The projects vary in the degree of maturity and influence that they are having on population-health outcomes. For example, the work to improve Kindergarten readiness is still a small clinical quality-improvement project, but in contrast the work to reduce infant mortality involves many community partners that have worked together for years. Increasing high school graduation rates and decreasing all-cause child mortality has been difficult for several of our partners following the pandemic, and so we have decided to share our experience later rather than in this supplement. We have made significant improvement in the delivery of preventive services in the clinics directly affiliated with Nationwide Children’s Hospital, but we are still working on finding a sustainable approach to gather this information from all pediatric clinics in Franklin County, and so will also describe this work in a future publication. We have also added another area of focus, using tax credits to help families address poverty, which is described in this supplement. Poverty is a driver of poor population health and inequities in all health outcomes. Therefore, addressing poverty has emerged as a key activity to improve each Vital Sign. As a cross-cutting and seemingly intransigent challenge, reducing poverty requires separate leadership and institutional commitment.

We chose all of these areas of focus because we believe that together they are necessary to improve population health.

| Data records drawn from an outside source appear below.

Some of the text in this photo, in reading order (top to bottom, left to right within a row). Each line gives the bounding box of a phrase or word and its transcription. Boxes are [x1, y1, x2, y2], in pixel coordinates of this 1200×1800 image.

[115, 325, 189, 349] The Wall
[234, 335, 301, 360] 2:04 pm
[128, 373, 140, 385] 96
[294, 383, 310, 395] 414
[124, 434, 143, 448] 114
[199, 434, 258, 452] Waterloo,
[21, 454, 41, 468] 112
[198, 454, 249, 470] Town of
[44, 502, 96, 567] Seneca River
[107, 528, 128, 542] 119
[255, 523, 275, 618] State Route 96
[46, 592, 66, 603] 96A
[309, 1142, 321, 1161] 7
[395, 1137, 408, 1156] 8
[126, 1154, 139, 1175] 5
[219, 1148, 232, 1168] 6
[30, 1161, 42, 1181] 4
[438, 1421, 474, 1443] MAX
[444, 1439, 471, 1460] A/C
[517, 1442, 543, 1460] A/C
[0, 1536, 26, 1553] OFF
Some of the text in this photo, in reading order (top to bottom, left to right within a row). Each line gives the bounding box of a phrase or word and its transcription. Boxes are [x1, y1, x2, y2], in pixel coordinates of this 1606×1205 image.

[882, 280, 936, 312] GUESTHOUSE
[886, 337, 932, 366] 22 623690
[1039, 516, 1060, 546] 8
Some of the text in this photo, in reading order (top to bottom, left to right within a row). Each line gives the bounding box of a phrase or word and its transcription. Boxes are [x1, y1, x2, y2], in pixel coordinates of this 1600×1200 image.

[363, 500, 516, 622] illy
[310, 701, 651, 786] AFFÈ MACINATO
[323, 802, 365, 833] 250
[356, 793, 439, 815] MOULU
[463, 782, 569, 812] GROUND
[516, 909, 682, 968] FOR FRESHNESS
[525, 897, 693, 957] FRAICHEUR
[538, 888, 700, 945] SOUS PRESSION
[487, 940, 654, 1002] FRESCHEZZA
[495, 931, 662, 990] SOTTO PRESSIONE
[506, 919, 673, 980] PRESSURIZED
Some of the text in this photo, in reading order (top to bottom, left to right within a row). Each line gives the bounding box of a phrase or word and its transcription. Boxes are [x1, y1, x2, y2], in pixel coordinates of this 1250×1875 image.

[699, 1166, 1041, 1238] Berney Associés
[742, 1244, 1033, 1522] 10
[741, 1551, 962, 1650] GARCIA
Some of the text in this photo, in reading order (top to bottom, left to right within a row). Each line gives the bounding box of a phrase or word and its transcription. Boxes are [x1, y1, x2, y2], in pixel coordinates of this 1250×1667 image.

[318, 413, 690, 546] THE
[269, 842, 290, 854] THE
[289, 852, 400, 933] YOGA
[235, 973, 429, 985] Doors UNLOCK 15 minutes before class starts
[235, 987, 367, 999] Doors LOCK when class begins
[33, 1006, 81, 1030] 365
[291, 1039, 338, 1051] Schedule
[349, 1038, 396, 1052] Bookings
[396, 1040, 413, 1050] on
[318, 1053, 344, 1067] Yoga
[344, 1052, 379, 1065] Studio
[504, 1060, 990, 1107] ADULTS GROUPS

Regardless of topic area and degree of success, several overarching lessons emerged:

  • Multisector collaboration is essential.

  • Community engagement is critical for decreasing inequities and implementing sustainable change.

  • Value-based contracting by an accountable care organization is necessary to align the delivery of clinical services with population health outcomes.

  • A large hospital system with project management, expertise in quality improvement, and ability to integrate clinical data can act as a “backbone” institution to help community organizations and social service agencies improve the efficiency of their service delivery.

  • Community organizations and social service agencies provide the insight necessary to the hospital system to understand the threats and opportunities to improving population health.

  • Recruiting community members disproportionately impacted by disparities in outcomes related to the Vital Signs as partners in this work leads to novel and effective interventions that might not be identified by the clinicians who usually have the responsibility for improvement.

We hope our experience, as shared within this supplement, encourages you to develop a Vital Signs project for your community. We obviously cannot anticipate what external events might happen between now and our 2030 target date for our goals (hopefully not another pandemic!). Although there have been challenges along the way, the impact of our ongoing efforts and the community partnerships that have developed are beginning to improve the health of children and adolescents in Franklin County. To provide perspective about the Vital Signs project, the supplement concludes with a commentary by Jennifer W. Kaminski, PhD, Debra Houry, MD, MPH, from the Centers for Disease Control and Prevention that provides a national perspective on why Vital Signs projects are needed and lessons to help promote this important work.5 

Dr Kemper drafted the initial manuscript and reviewed and revised the manuscript. Ms Sander and Dr Kelleher contributed to the initial draft of the manuscript and critically revised the manuscript. All authors approved the final manuscript as submitted and agree to be accountable for all aspects of the work.

CONFLICT OF INTEREST DISCLOSURES: None of the authors have a commercial association that might pose or create a conflict of interest with the information presented in this manuscript.